[[ Supplied material open ]]

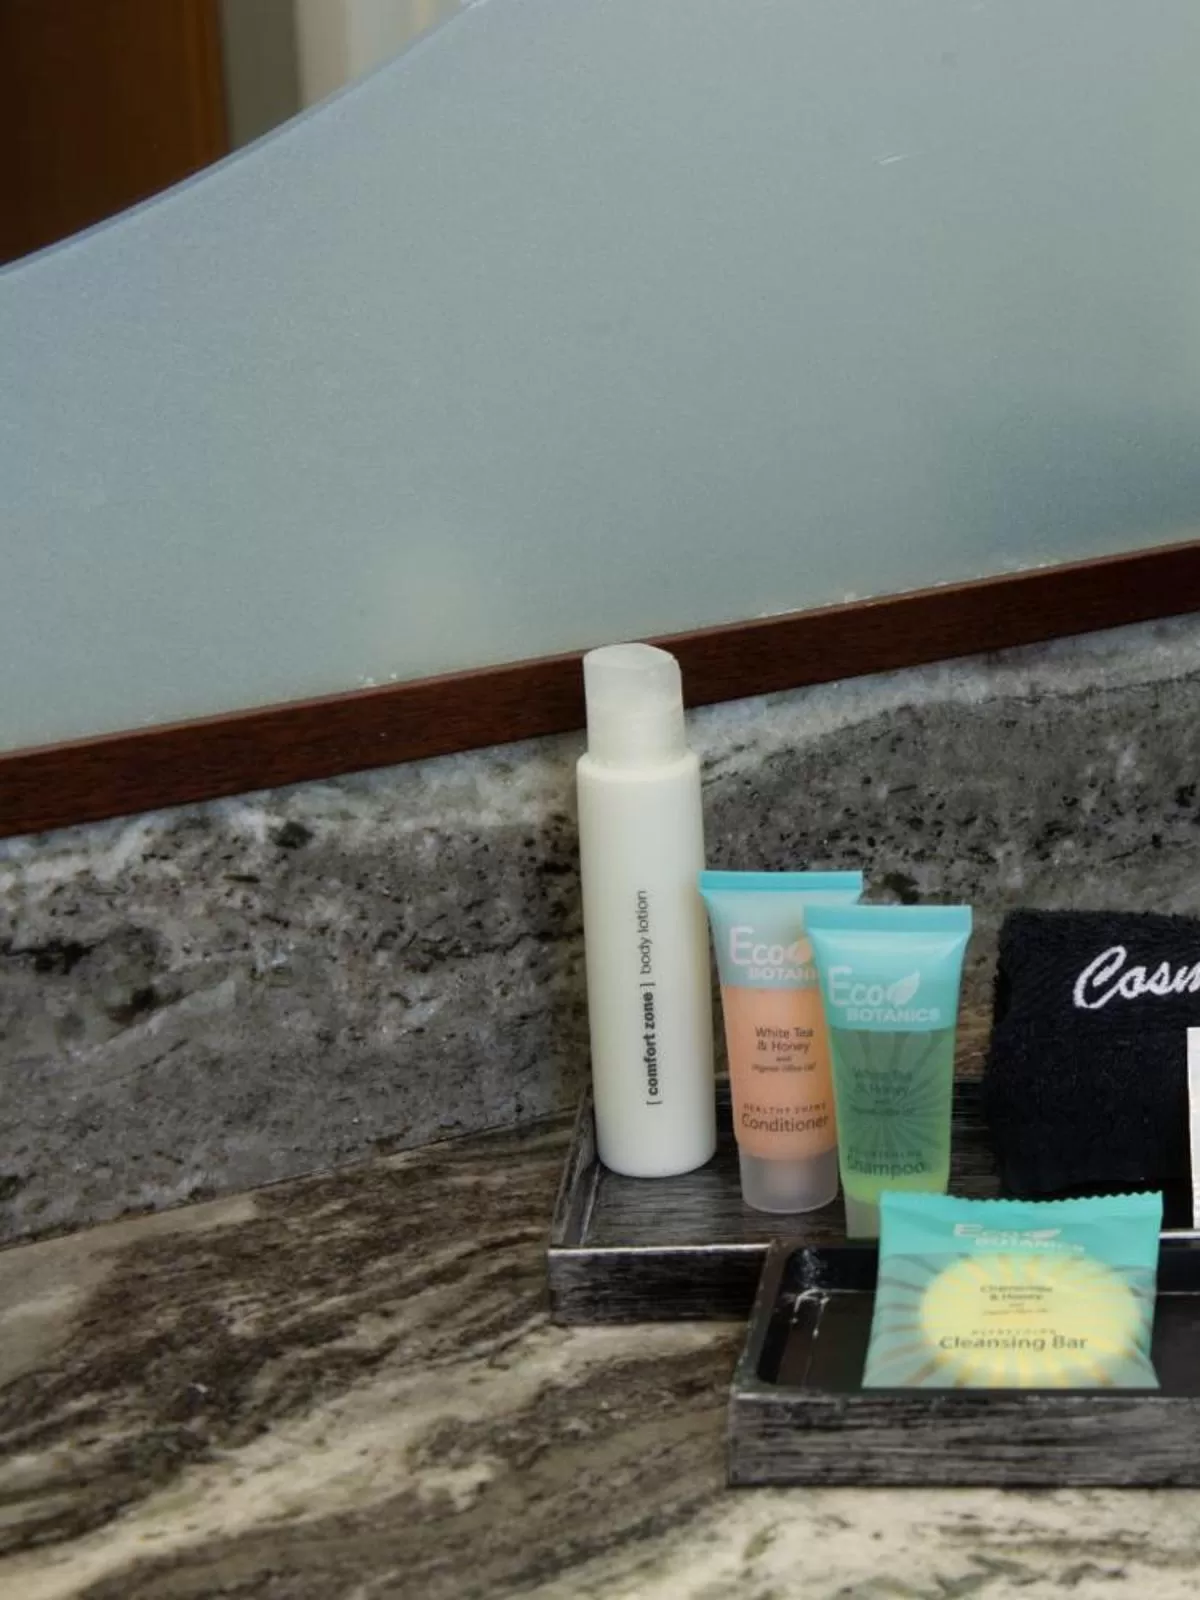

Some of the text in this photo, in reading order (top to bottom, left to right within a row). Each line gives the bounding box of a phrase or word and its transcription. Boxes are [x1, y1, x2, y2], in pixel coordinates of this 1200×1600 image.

[635, 890, 649, 933] lotion
[637, 936, 653, 975] body
[729, 926, 785, 966] Eco
[828, 965, 884, 1008] Eco
[642, 991, 656, 1030] zone
[846, 1007, 940, 1022] BOTANICS
[754, 1026, 790, 1039] White
[756, 1039, 811, 1055] & Honey
[642, 1033, 659, 1096] comfort
[741, 1112, 829, 1134] Conditioner
[939, 1334, 1088, 1352] Cleansing Bar
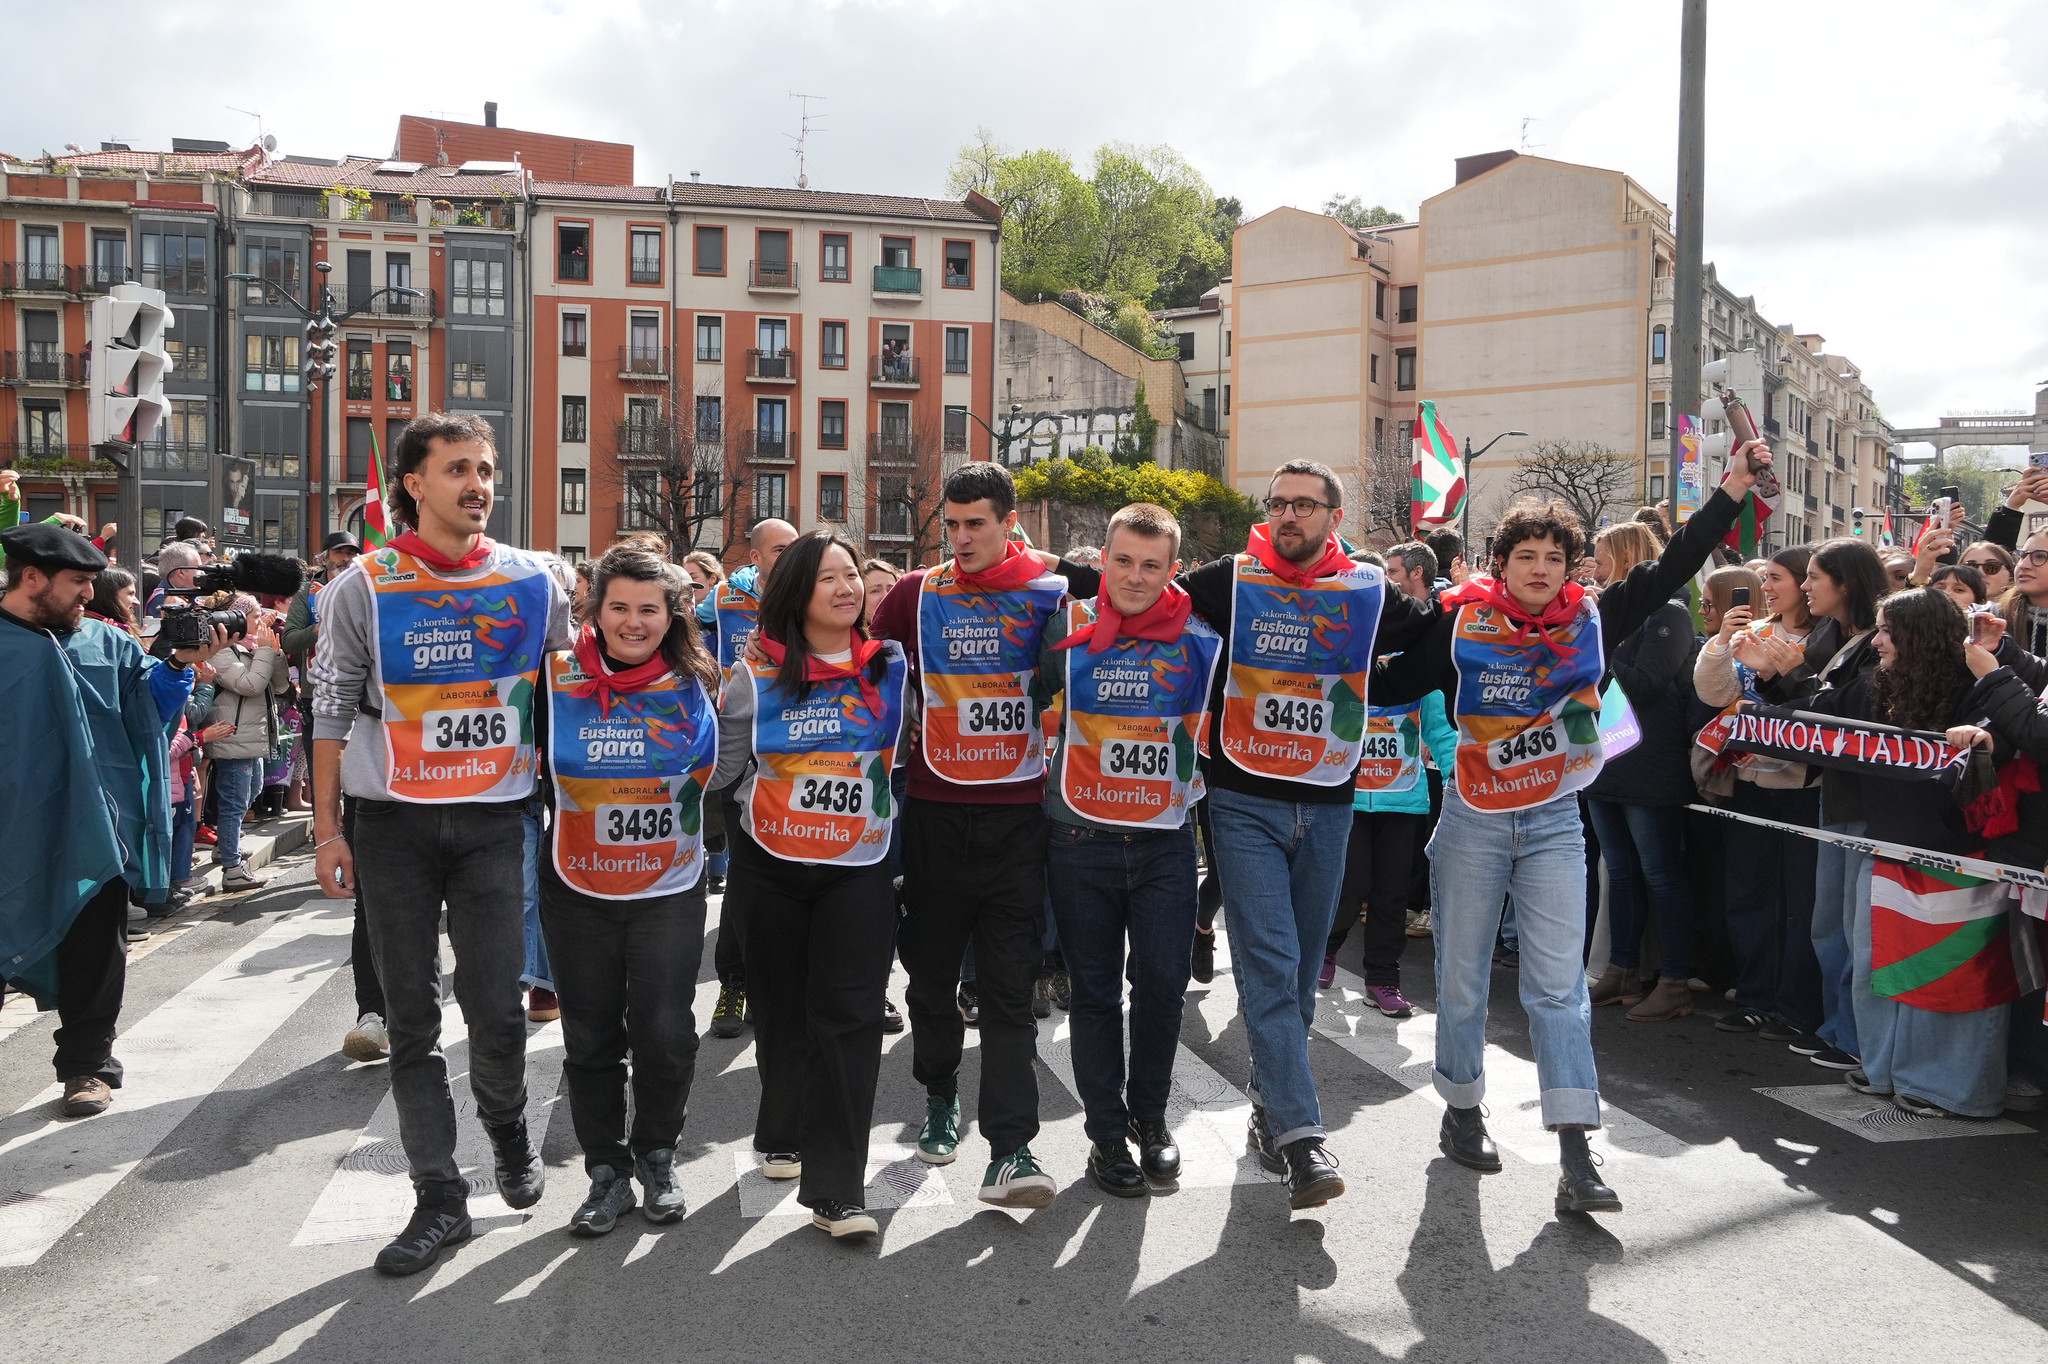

[[ Supplied material closed ]]

* _What you are asked to do_
Print every entry above again without changing a word, and omit the pictures.

* _Completed exercise_
Some of the text in this photo, in reading order (top to bottom, left to right within a row). Each line gives the bounding box of a phrase or word and its transcription. Boxes are [x1, y1, x2, y2], in pixel coordinates of this 1200×1600 image.

[635, 890, 649, 933] lotion
[637, 936, 653, 975] body
[729, 926, 785, 966] Eco
[828, 965, 884, 1008] Eco
[642, 991, 656, 1030] zone
[846, 1007, 940, 1022] BOTANICS
[754, 1026, 790, 1039] White
[756, 1039, 811, 1055] & Honey
[642, 1033, 659, 1096] comfort
[741, 1112, 829, 1134] Conditioner
[939, 1334, 1088, 1352] Cleansing Bar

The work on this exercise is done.